▶ _Exercise input_:
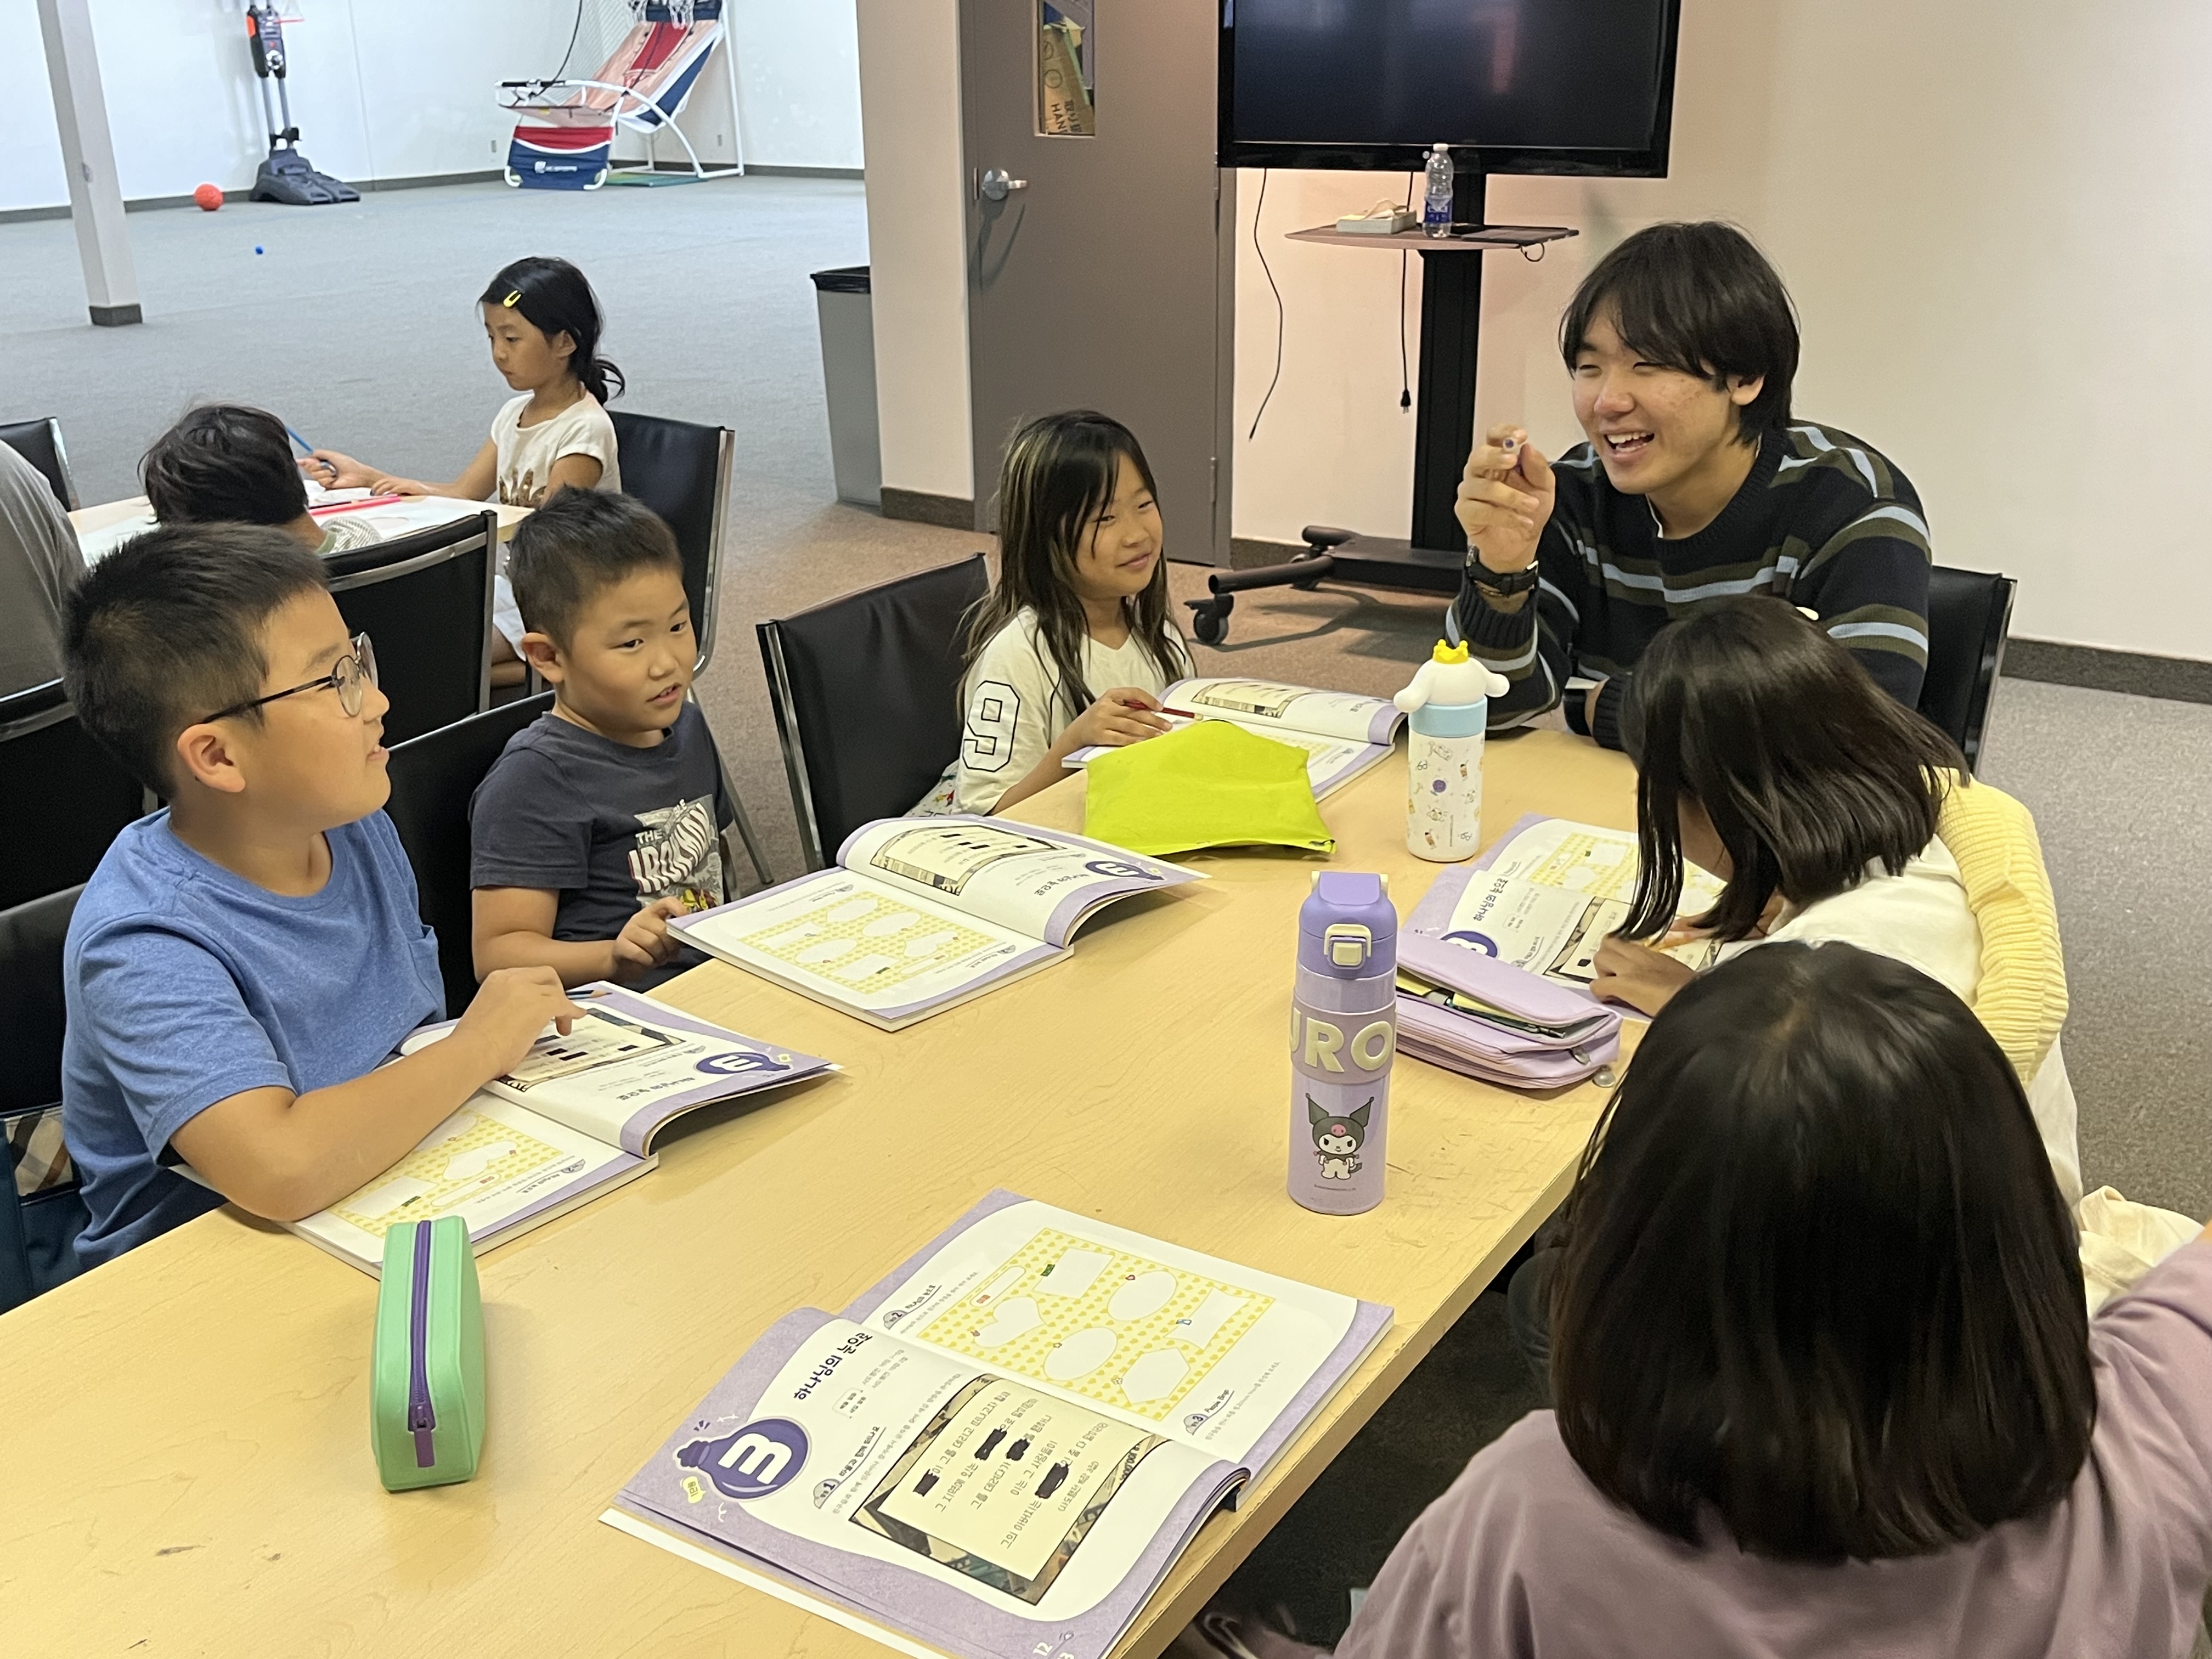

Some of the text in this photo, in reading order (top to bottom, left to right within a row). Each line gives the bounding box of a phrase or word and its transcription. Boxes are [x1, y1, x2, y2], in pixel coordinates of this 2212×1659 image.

[962, 680, 1020, 772] 9
[635, 829, 663, 844] THE
[1473, 878, 1509, 921] 하나님의 눈으로
[793, 1355, 843, 1401] 하나님의
[838, 1332, 873, 1355] 눈으로
[718, 1433, 792, 1485] 3
[940, 1449, 957, 1464] 그를
[952, 1427, 974, 1448] 데리고
[1010, 1441, 1057, 1495] 이는 그 사람들이
[961, 1463, 978, 1479] 있는
[970, 1493, 988, 1509] 그를
[984, 1462, 1011, 1492] 데려다가
[1001, 1531, 1018, 1549] 그의
[1014, 1500, 1042, 1531] 아버지는
[1032, 1641, 1053, 1656] 12
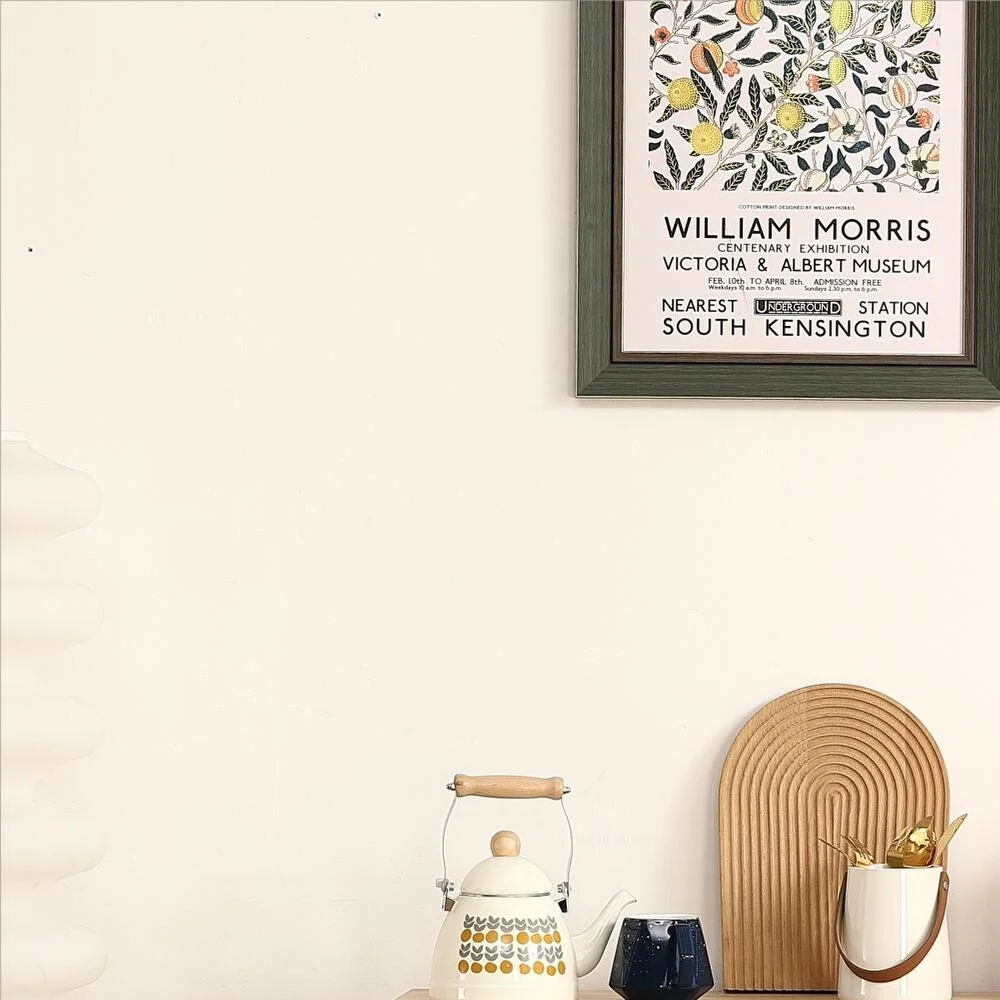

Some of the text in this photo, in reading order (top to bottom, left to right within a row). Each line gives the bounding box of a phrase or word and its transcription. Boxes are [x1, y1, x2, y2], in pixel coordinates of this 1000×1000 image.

[664, 216, 932, 242] WILLIAM MORRIS
[717, 242, 870, 254] CENTENARY EXHIBITION
[662, 256, 931, 274] VICTORIA & ALBERT MUSEUM
[707, 277, 726, 285] FEB.
[728, 277, 745, 285] 10th
[750, 277, 762, 285] TO
[764, 278, 787, 286] APRIL
[813, 278, 859, 287] ADMISSION
[861, 279, 883, 287] FREE
[662, 298, 929, 316] NEAREST UNDERGROUND STATION
[662, 317, 926, 338] SOUTH KENSINGTON
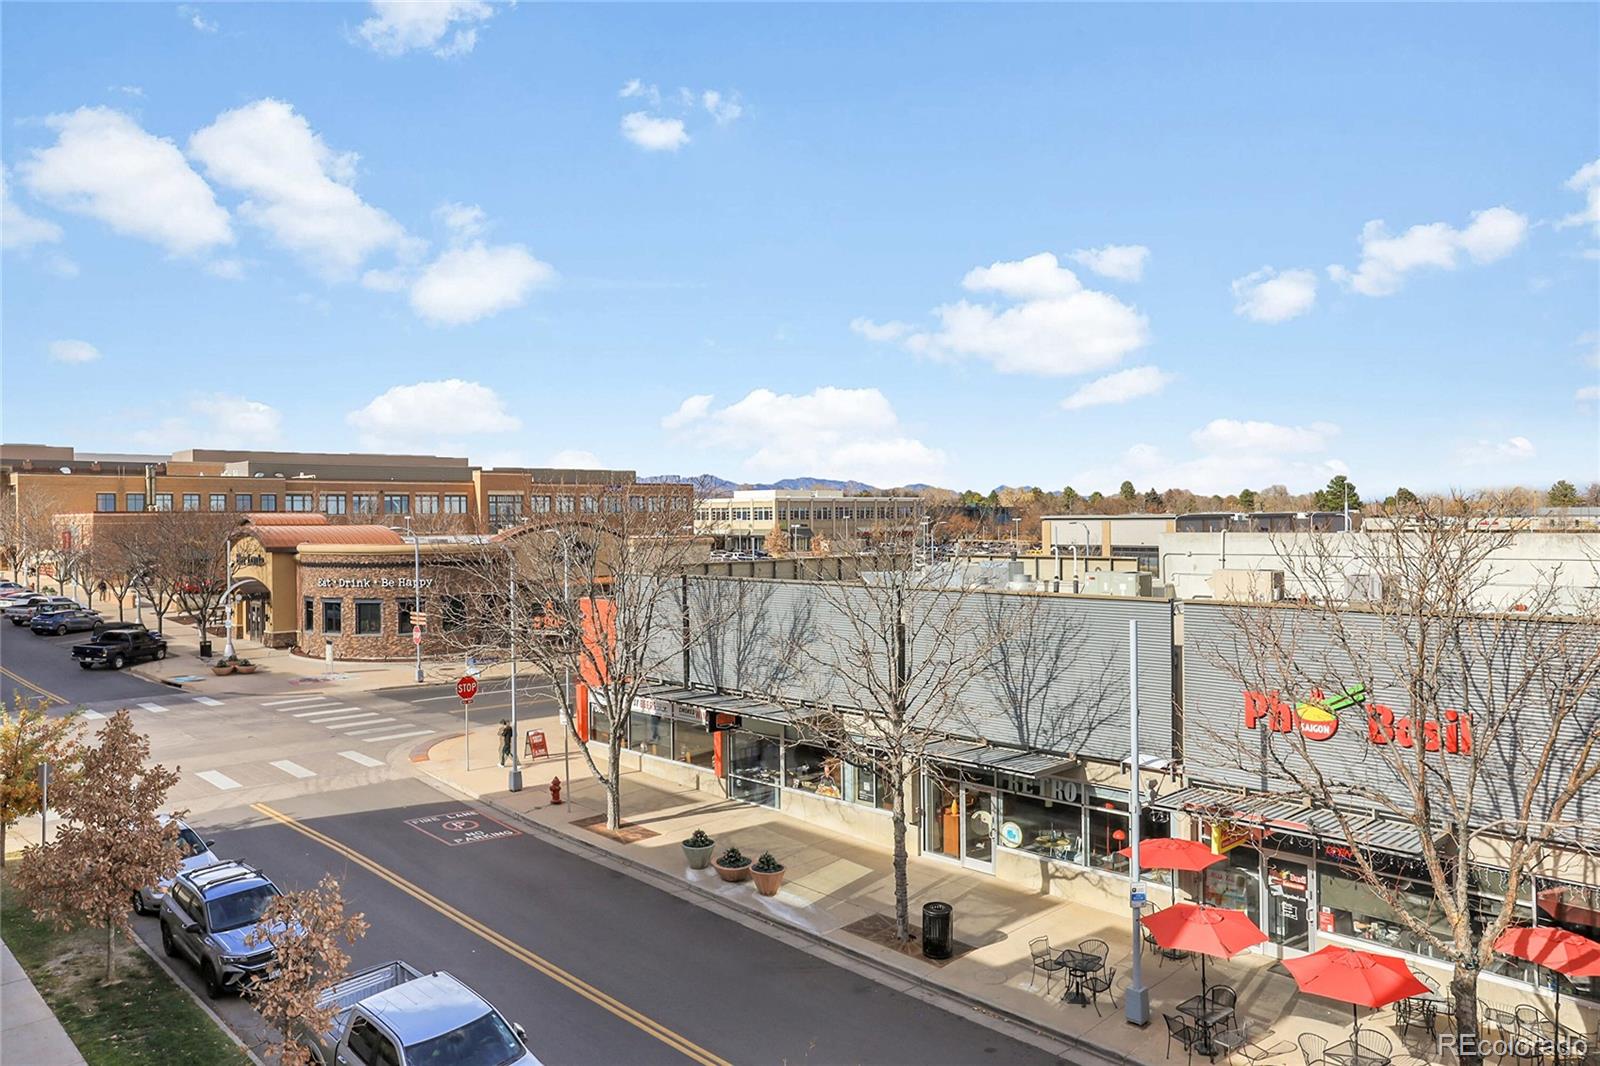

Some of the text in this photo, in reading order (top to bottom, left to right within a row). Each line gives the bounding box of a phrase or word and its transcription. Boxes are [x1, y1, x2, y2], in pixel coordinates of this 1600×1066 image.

[318, 578, 432, 588] Eat Drink Be Happy
[458, 683, 477, 694] STOP
[1300, 722, 1330, 735] SAIGON
[1366, 703, 1473, 756] Basil
[1007, 774, 1077, 802] RETRO
[411, 811, 479, 825] FIRE LANE
[453, 830, 514, 844] PARKING

▶ _Exercise brief_: Begin with the line containing "this 1000×1000 image." and end with the last line of the material above; return exactly those lines, both ends included, and omit all pictures.

▶ _Reply to the exercise_:
Some of the text in this photo, in reading order (top to bottom, left to right within a row). Each line gives the bounding box of a phrase or word and its transcription. Boxes are [x1, y1, x2, y2], in pixel coordinates of this 1000×1000 image.

[664, 216, 932, 242] WILLIAM MORRIS
[717, 242, 870, 254] CENTENARY EXHIBITION
[662, 256, 931, 274] VICTORIA & ALBERT MUSEUM
[707, 277, 726, 285] FEB.
[728, 277, 745, 285] 10th
[750, 277, 762, 285] TO
[764, 278, 787, 286] APRIL
[813, 278, 859, 287] ADMISSION
[861, 279, 883, 287] FREE
[662, 298, 929, 316] NEAREST UNDERGROUND STATION
[662, 317, 926, 338] SOUTH KENSINGTON

Some of the text in this photo, in reading order (top to bottom, left to right within a row). Each line gives the bounding box of a phrase or word and its transcription. Boxes are [x1, y1, x2, y2], in pixel coordinates of this 1600×1066 image.

[318, 578, 432, 588] Eat Drink Be Happy
[458, 683, 477, 694] STOP
[1300, 722, 1330, 735] SAIGON
[1366, 703, 1473, 756] Basil
[1007, 774, 1077, 802] RETRO
[411, 811, 479, 825] FIRE LANE
[453, 830, 514, 844] PARKING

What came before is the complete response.